Even assuming that I am correct, however, and that these factors explain why the dynamics of this race have differed in some respects from most recent nomination contests, why do Rick and Newt (and Ron Paul) bother to stay in the race if the eventual outcome will be a Romney victory?  Again, pundits have postulated a number of reasons, ranging from Newt’s desire to spite Mitt to Rick’s hope to finagle a position in the Romney administration to both candidates’ unwillingness to yield the media spotlight.   I think the answer is much simpler.  Both Rick and Newt believe a significant portion of Republican voters are unhappy with Romney – they are right about this – and that these voters probably prefer either one of them to Mitt, and both see a not implausible way in which they can prevent Romney from clinching the nomination before the convention.  This is a longshot strategy, of course, but not mathematically impossible and, if it happens, all bets are off.  Until this strategy becomes clearly unfeasible, or more nearly so, I expect both Rick and Newt to stay in this race.  Currently Newt is in the more vulnerable position – he needs to do very well in Alabama and Mississippi next Tuesday – but barring a Romney victory in both these states, this race is destined to continue for at least another month.  The worry for the Republican Party leaders, of course, is that an extended race simply weakens Romney heading into the general election.  I tend to think gas prices and the jobs picture will play a bigger role come November than whether Romney clinches earlier or later.  In either case, however, Republican Party leaders aren’t in a great position to do anything about the dynamics of the nomination process.

Of course, it is possible that at some point Rick and Newt may realize that it is in their mutual interest for them to join forces, with one of them stepping down in exchange for future promises,  in order to stop fracturing conservative support.  It actually would be to both their benefit to strike this deal now, while each is in a relatively strong negotiating position.  In the absence of such a deal, however, the race will go on. While I disagree with my colleagues who say the race is over, I agree that in the absence of a joint Newt-Rick venture, the most probable outcome remains Mitt winning the delegate race.

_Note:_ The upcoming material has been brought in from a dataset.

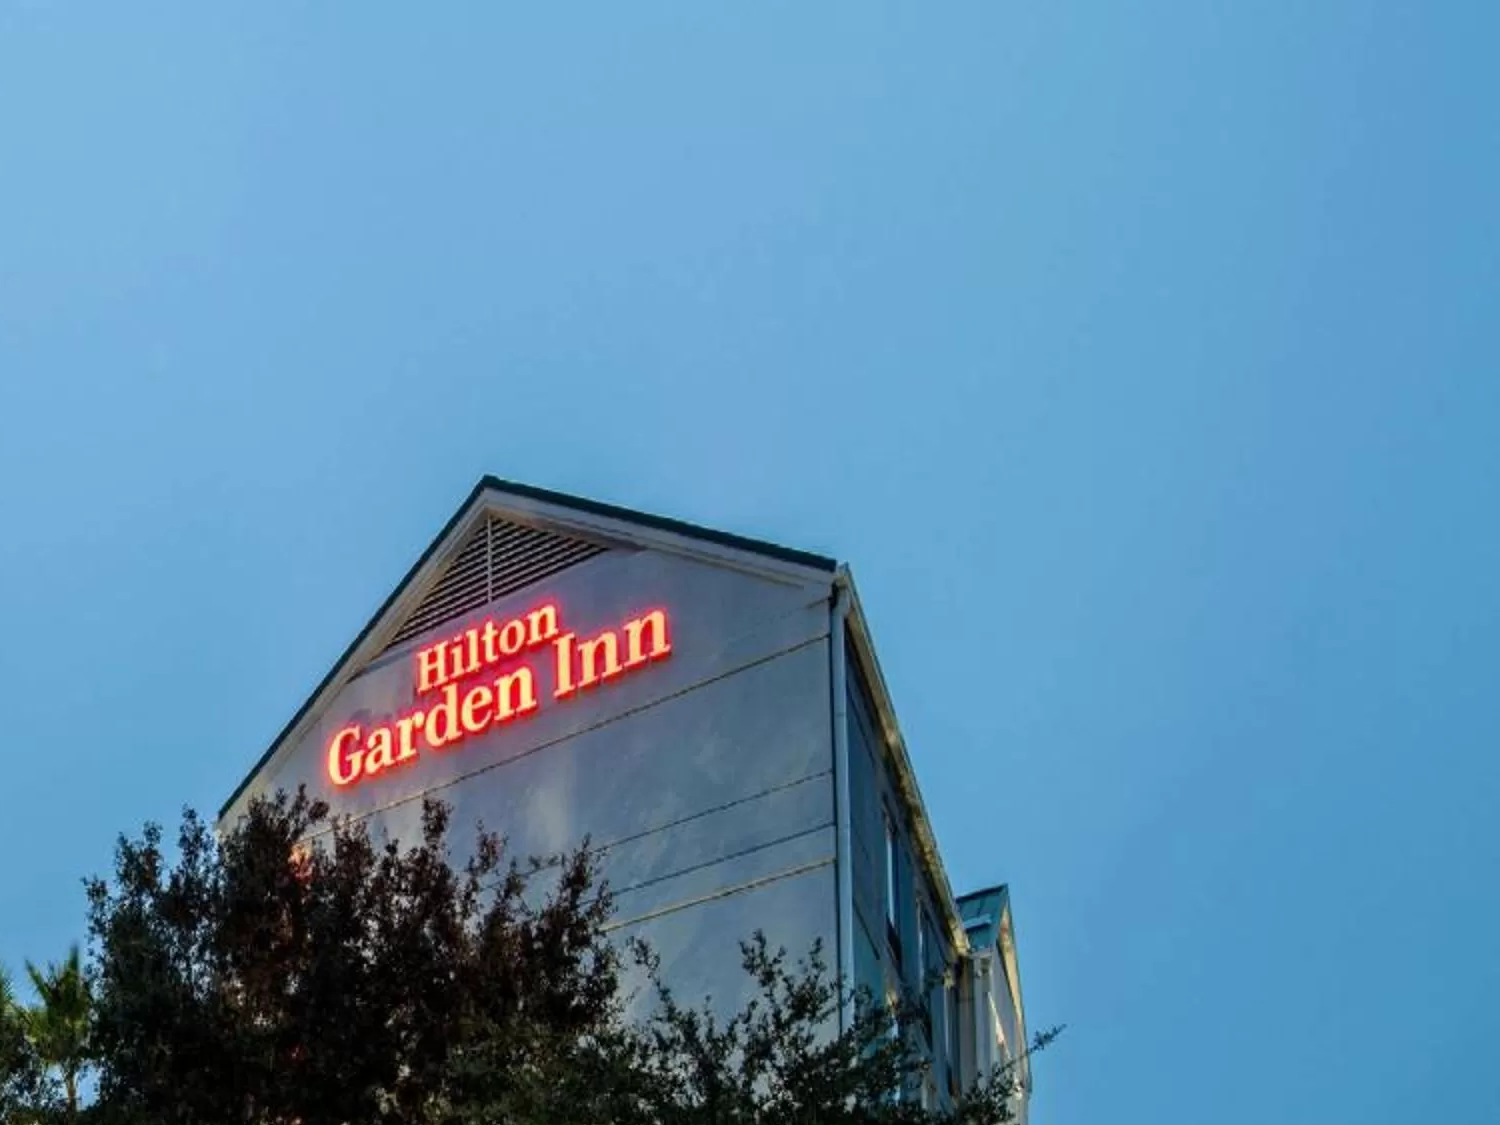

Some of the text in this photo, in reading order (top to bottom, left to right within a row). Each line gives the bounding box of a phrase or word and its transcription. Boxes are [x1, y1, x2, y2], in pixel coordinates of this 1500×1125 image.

[325, 606, 672, 787] Garden Inn
[415, 603, 561, 694] Hilton
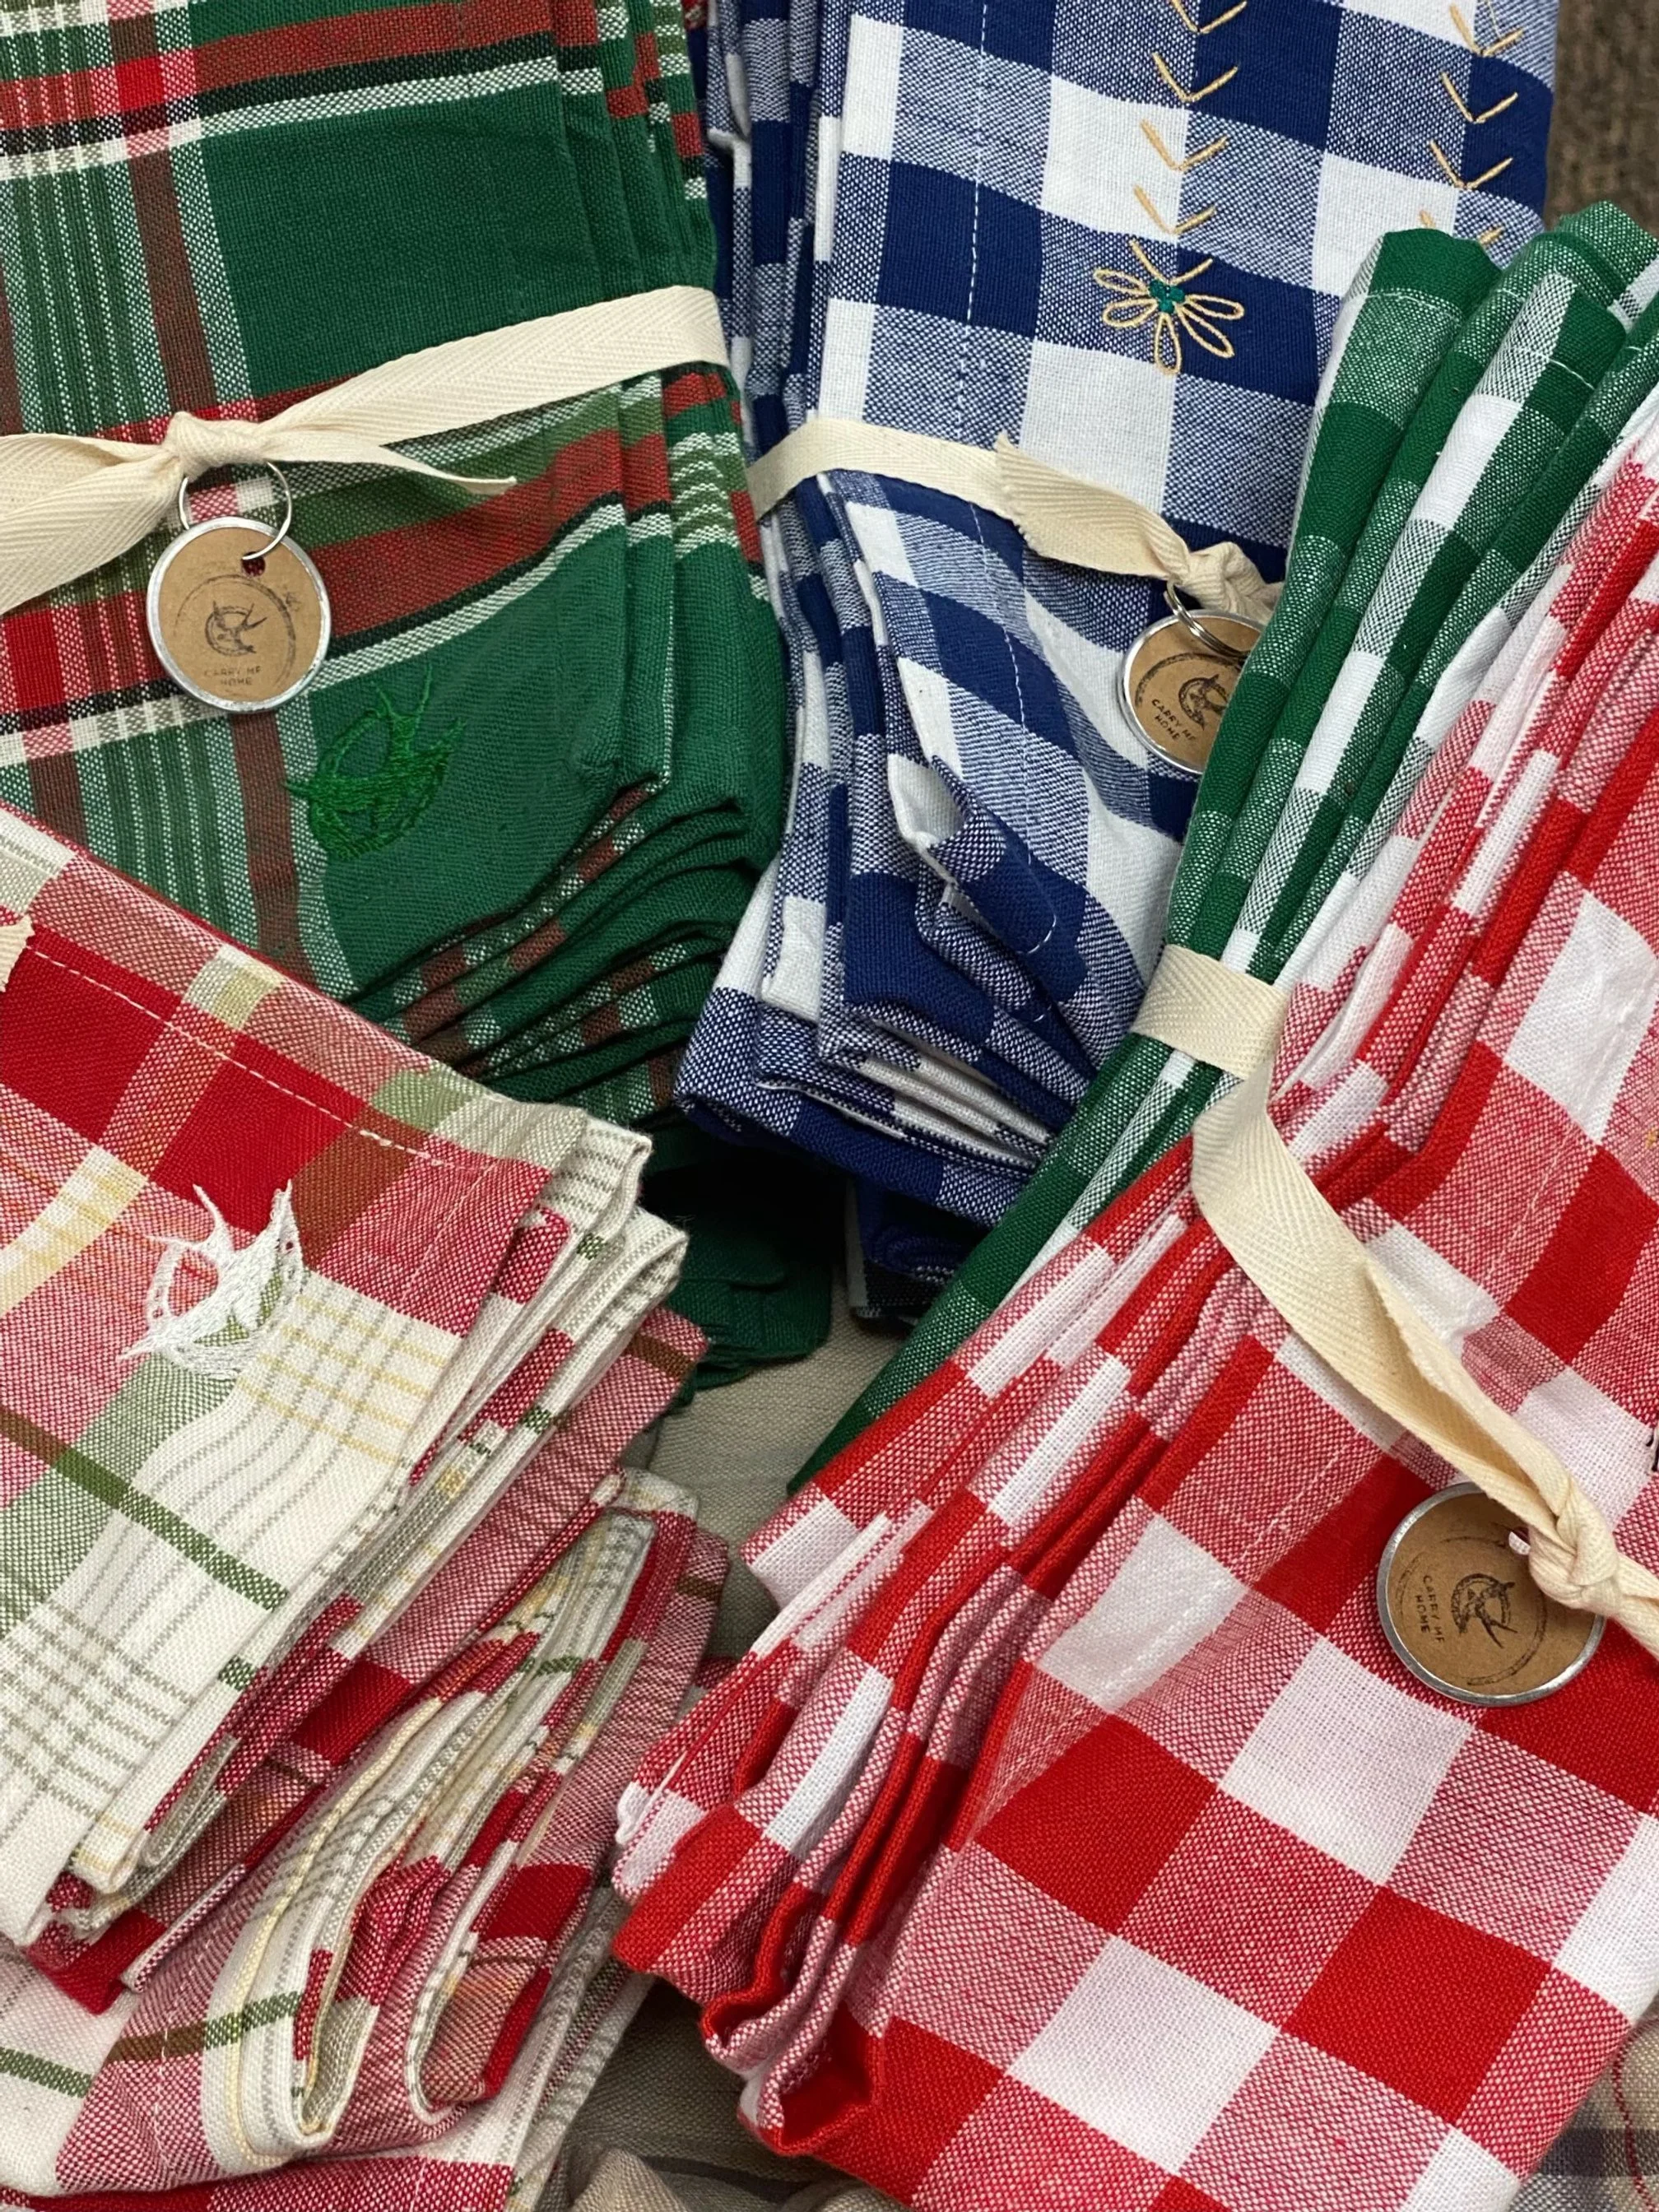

Of course, there’s always  Operation Brokered Convention.

Live Blogging Super Tuesday

7:00  We open with bad news for Romney – CNN has not given him Vermont, which means he didn’t likely clear the 50% total, which means he doesn’t win a clean sweep of Vermont 17 delegates.  Only Paul and Mitt were on the air here, and I’m surprised he didn’t clear 50%.  If these numbers hold he’s likely going to have to share some Vermont delegates with both Paul and Santorum.  Not the best way to start the night.

Meanwhile, as expected, Newt takes Georgia.  But by how much?  And did Santorum clear 20% statewide?  Exit polls suggest Newt just fell short, but it’s close enough that given the margin of error, it’s not out of the question.  Meanwhile, it looks like Rick just fell short of 20%, meaning he gets no statewide delegates in the biggest delegate state of the night.   Not a good start for Rick either.

also, late call on Mitt in Virginia, which suggests he didn’t do as well there as I might have guessed.  Again, not a good sign for Mitt, but a very good sign for Ron Paul.  Remember, neither Santorum nor Newt were on the Virginia ballot.

Meanwhile, apropos of my latest post, the Gingrich people are arguing that Santorum may be finished tonight, with the bottom dropping out of his support.  Meanwhile, Santorum is arguing that if only Gingrich was out of the race, they would be beating Romney.  sigh – listen to  yourselves!  This isn’t rocket science!  Your strategy is clear…..otherwise, it Operation Brokered Convention.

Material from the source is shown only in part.